Since most visual acuity improvement is maximized after 3-6 injections and treatment can be chronic over years, vision rehabilitation services can be initiated when functional concerns exist. The best tips for prevention for AMD include smoking cessation and regular eye exams, particularly in those patients with a strong family history or who have the initial signs of the diseases.

AMD can cause difficulty with “fine detail” or 20/20 vision. This includes the vision necessary to read small print, see faces and to navigate when driving or walking especially in unfamiliar places or in places with low lighting and contrast. Many patients with macular degeneration report difficulty identifying curbs and steps as well as uneven ground. People with AMD retain normal peripheral or “side” vision which is also important for safe navigation.

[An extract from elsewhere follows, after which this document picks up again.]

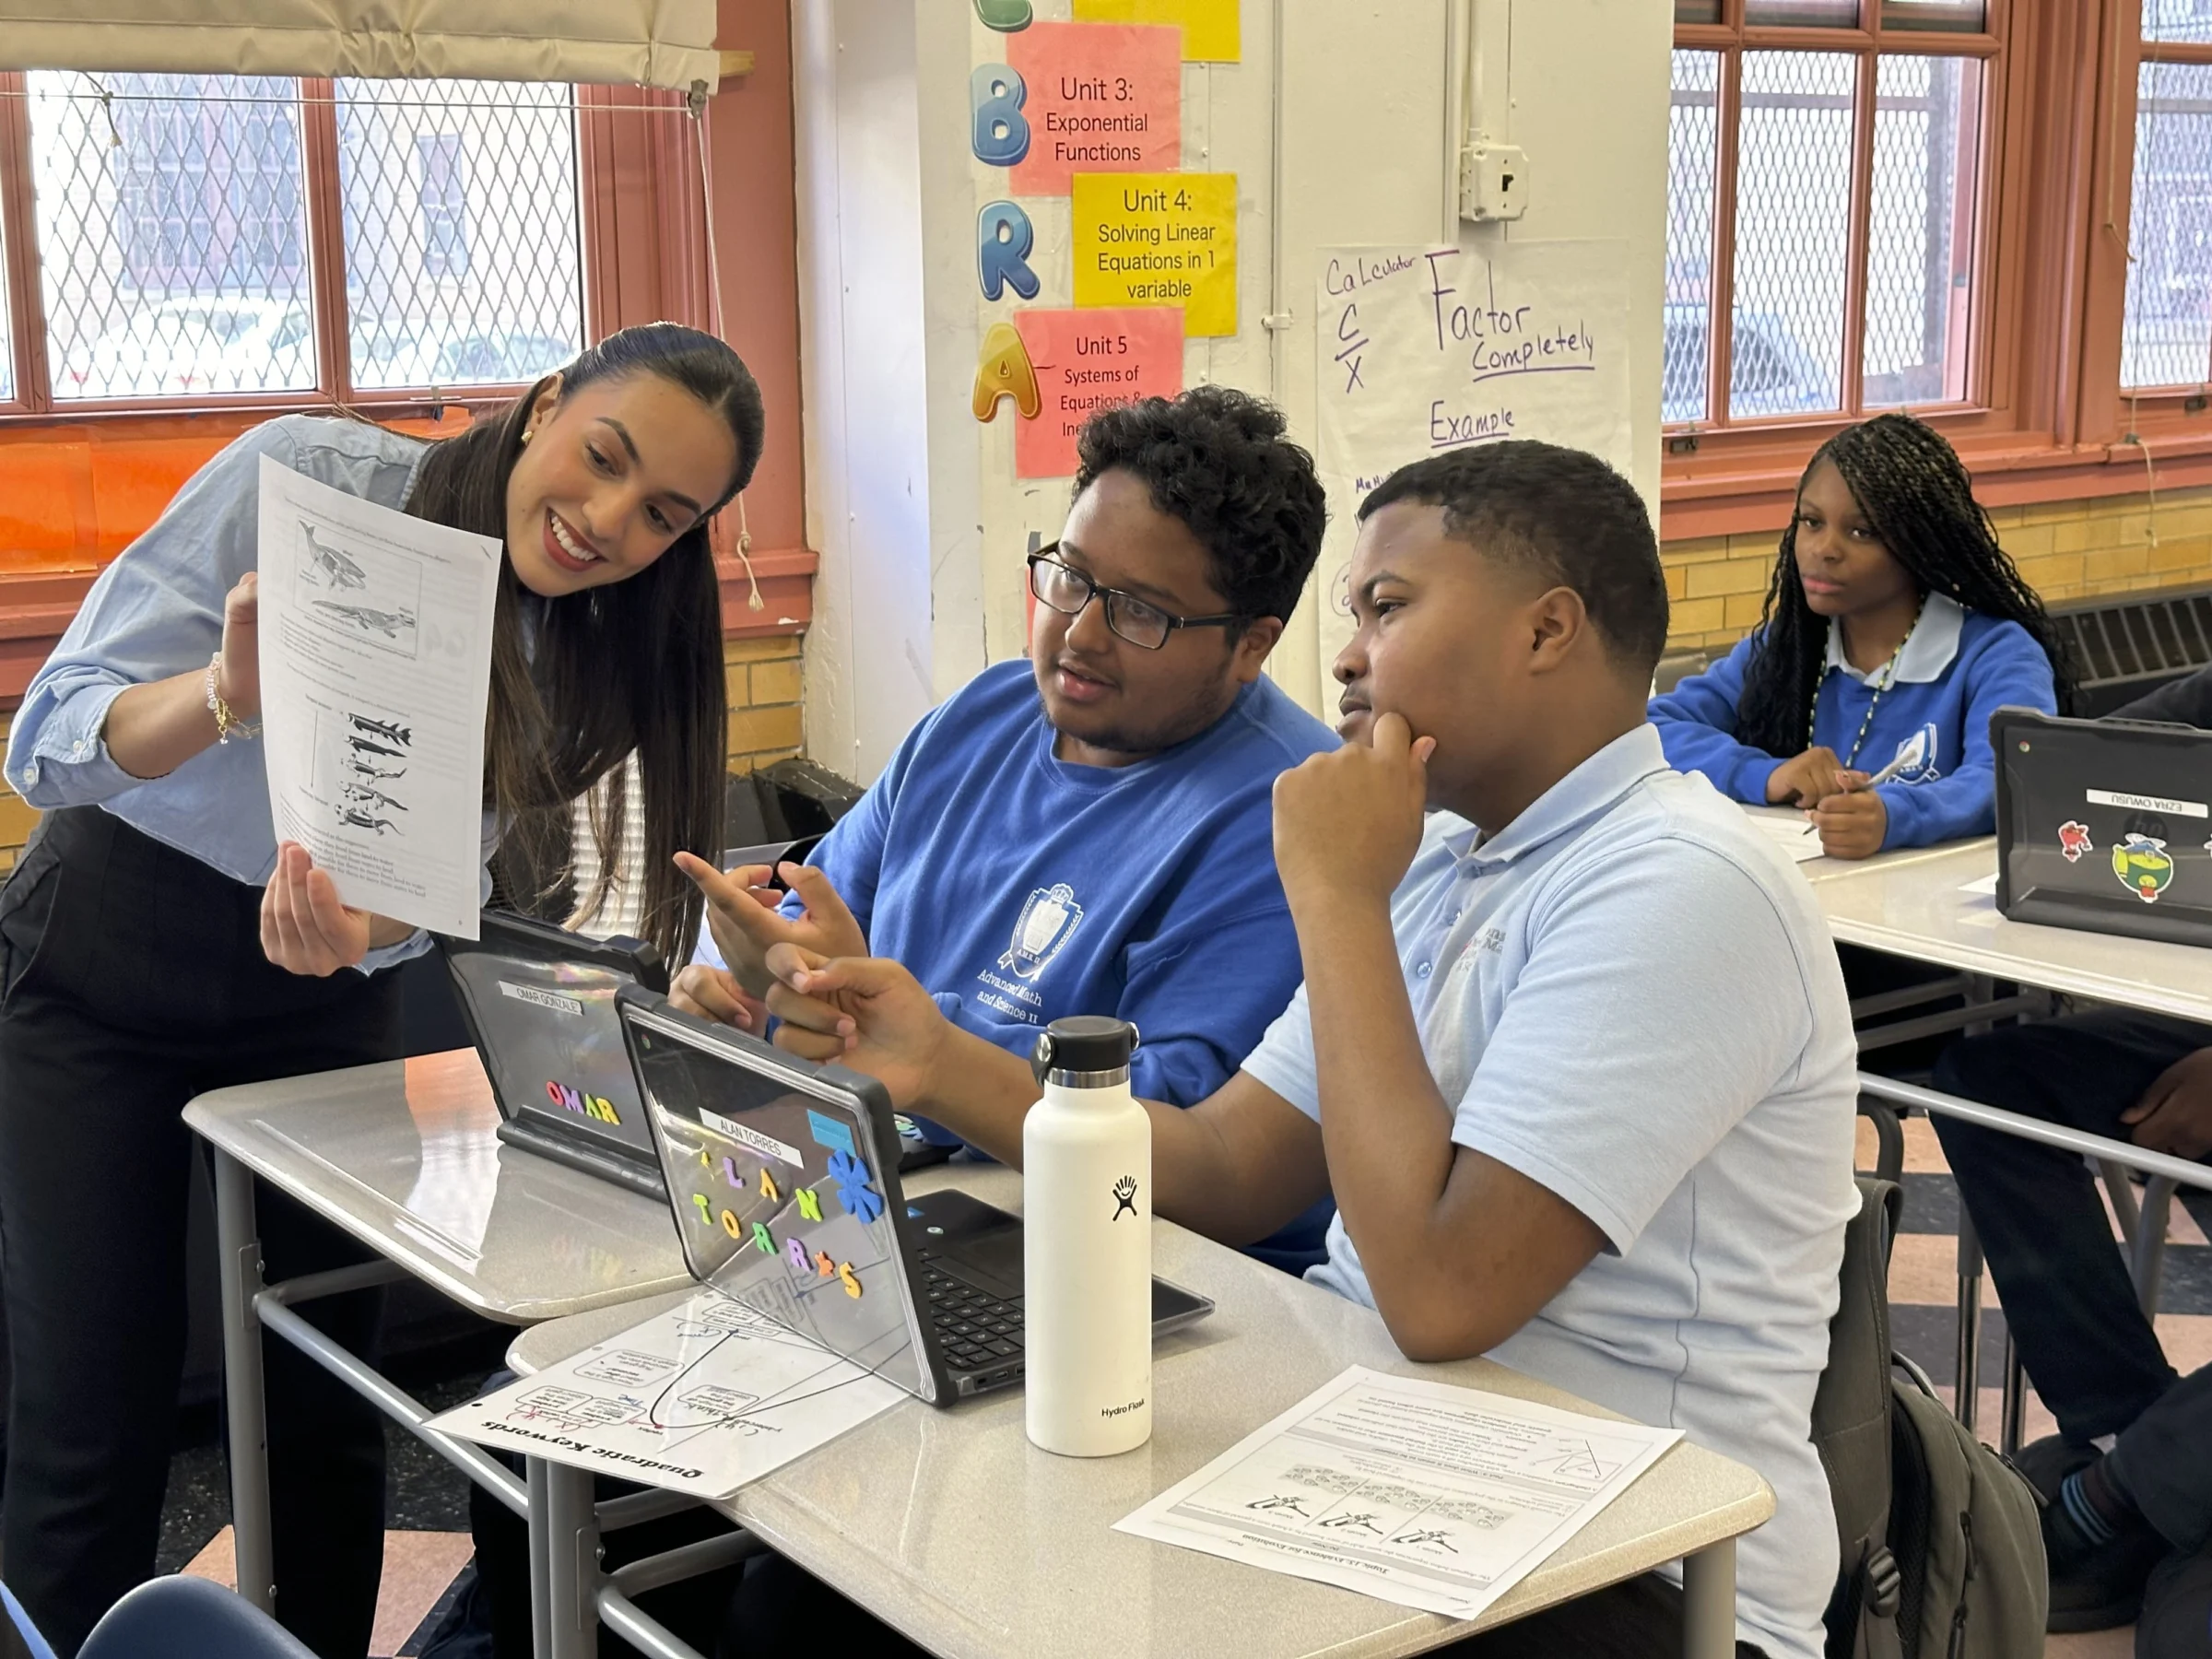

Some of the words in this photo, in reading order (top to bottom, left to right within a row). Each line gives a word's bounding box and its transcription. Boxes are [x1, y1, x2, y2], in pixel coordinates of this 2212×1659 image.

In the Vision Rehabilitation Service, we help people with AMD maximize their visual function and maintain independence. Through the prescribing of strong or specialized glasses, telescopes, hand-held or spectacle-mounted magnifiers, electronic/digital magnification and low vision occupational therapy, improvements in function and engagement in activities can be seen. This can include eccentric viewing training, assistance with developing and teaching skills to manage activities of daily living, and training with the recommended devices and assistive technology.

It often takes some adjustment to understanding and using residual vision. A low vision evaluation is a good first step to getting educated on vision loss and initiating using new strategies to enhance function. Vision rehabilitation services are designed to assist patients manage the continuum from the very early stages of visual loss.